On February 5, 2004, an individual named Gary Dutton filed a complaint in
the United States District Court for the Eastern District of Missouri against
the Company and its Chief Executive, Operating and Financial Officers
("Defendants") asserting a class action for alleged breach of fiduciary duties
and violations of Sections 10(b) and 20(a) of the Securities Exchange Act of
1934 and Rule 10b-5 promulgated thereunder. The complaint alleges that the
Company's press releases and reports filed with the Securities and Exchange
Commission between April 23, 2001 and September 16, 2002 were materially false
and misleading in that they failed to disclose that the Company's results were
based, in material part, on arrangements with a single supplier which the
Company allegedly knew could not be sustained. The complaint also claims that as
a result of the alleged omissions, the market prices of the Company's common
shares during the period were artificially inflated. The complaint seeks
unspecified compensatory damages. The Company believes that the complaint
describes types of transactions in which the Company has not engaged, contains a
number of inaccurate statements, does not state any valid cause of action and
that the Company will have substantial meritorious defenses to the complaint.
The Defendants intend to vigorously defend the claims.

NOTE 8. LONG-TERM DEBT

On March 31, 2003, the Company announced that it had entered into a new
$600 million credit facility. The credit facility, an asset-based senior secured
revolving credit facility, increased the Company's maximum available credit from
$430 million to $600 million. The new single credit facility replaced a $230
million revolving bank line of credit and a $200 million accounts receivable
securitization program. Under the credit facility, the total amount of loans and
letters of credit outstanding at any time cannot exceed the lesser of an amount
based on percentages of eligible receivables and inventories (the borrowing base
formula) and $600 million. Total credit available at March 31, 2004 was
approximately $435 million of which approximately $52 million was unused. The
interest rate on the credit facility is based on the 30-day London Interbank
Offering Rate (LIBOR) plus a factor based on certain financial criteria. The
interest rate was 3.34% at March 31, 2004. Borrowings under the credit facility
are reported as long-term debt in the Company's financial statements.

NOTE 9. BUSINESS SEGMENTS

Pursuant to SFAS No. 131, "Disclosures about Segments of an Enterprise and
Related Information," the Company has three identifiable business segments:
Wholesale drug distribution, the Company's interest in PBI, and Software/Other.
Two wholly owned software subsidiaries, Tykon, Inc. and Viking Computer
Services, Inc., and the newly formed D&K Pharmacy Solutions constitute the
Software/Other segment. Viking markets a pharmacy management software system and
Tykon developed and markets a proprietary PC-based order entry/order
confirmation system to the drug distribution industry. Pharmacy Solutions
provides additional services to pharmacy customers including the marketing and
distributing Parata robotic dispensing systems.

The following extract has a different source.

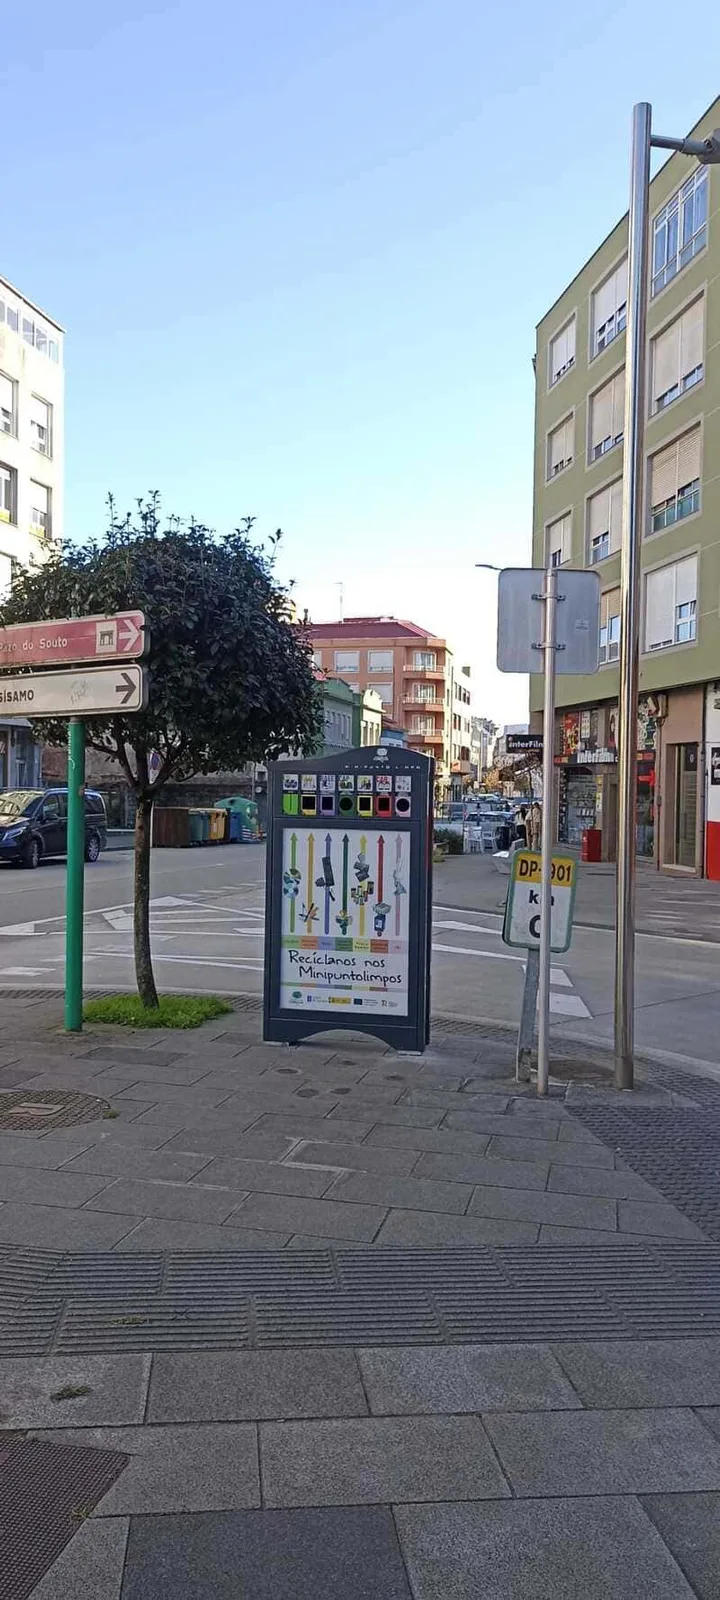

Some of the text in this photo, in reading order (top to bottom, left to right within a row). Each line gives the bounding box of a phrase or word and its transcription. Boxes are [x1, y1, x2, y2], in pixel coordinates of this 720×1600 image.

Though the Wholesale drug distribution segment operates from several
different facilities, the nature of its products and services, the types of
customers and the methods used to distribute its products are similar and thus
they have been aggregated for presentation purposes. The Company operates
principally in the United States.



For The Three Months Ended For the Nine Months Ended
--------------------------------- ---------------------------------
(in thousands) March 31, 2004 March 31, 2003 March 31, 2004 March 31, 2003
--------------------------------- ---------------------------------

Net Sales -
Wholesale drug distribution $ 831,071 $ 625,965 $1,813,795 $1,685,698
PBI 2,100 1,979 6,697 5,682
Software/Other 762 674 2,934 2,047
----------------------------- -----------------------------
Total $ 833,933 $ 628,618 $1,823,426 $1,693,427

Gross Profit -
Wholesale drug distribution $ 32,422 $ 24,501 $ 63,960 $ 61,986
PBI 2,100 1,979 6,697 5,682
Software/Other 655 538 2,063 1,625
----------------------------- -----------------------------
Total $ 35,177 $ 27,018 $ 72,720 $ 69,293

Pre-tax earnings -
Wholesale drug distribution $ 8,060 $ 6,187 $ 8,560 $ 13,820
PBI 878 1,001 3,043 2,741
Software/Other 194 179 890 582
----------------------------- -----------------------------
Total $ 9,132 $ 7,367 $ 12,493 $ 17,143


The increase in total assets from the Company's 2003 Annual Report relates
primarily to increased inventory levels and the acquisition of Walsh that are
all included in the Wholesale drug distribution segment. Prior period segment
information has been reclassified to reflect PBI separately since PBI now
exceeds certain reporting criteria. There are no other differences in the basis
of segmentation or in the basis of measurement of segment profit or loss.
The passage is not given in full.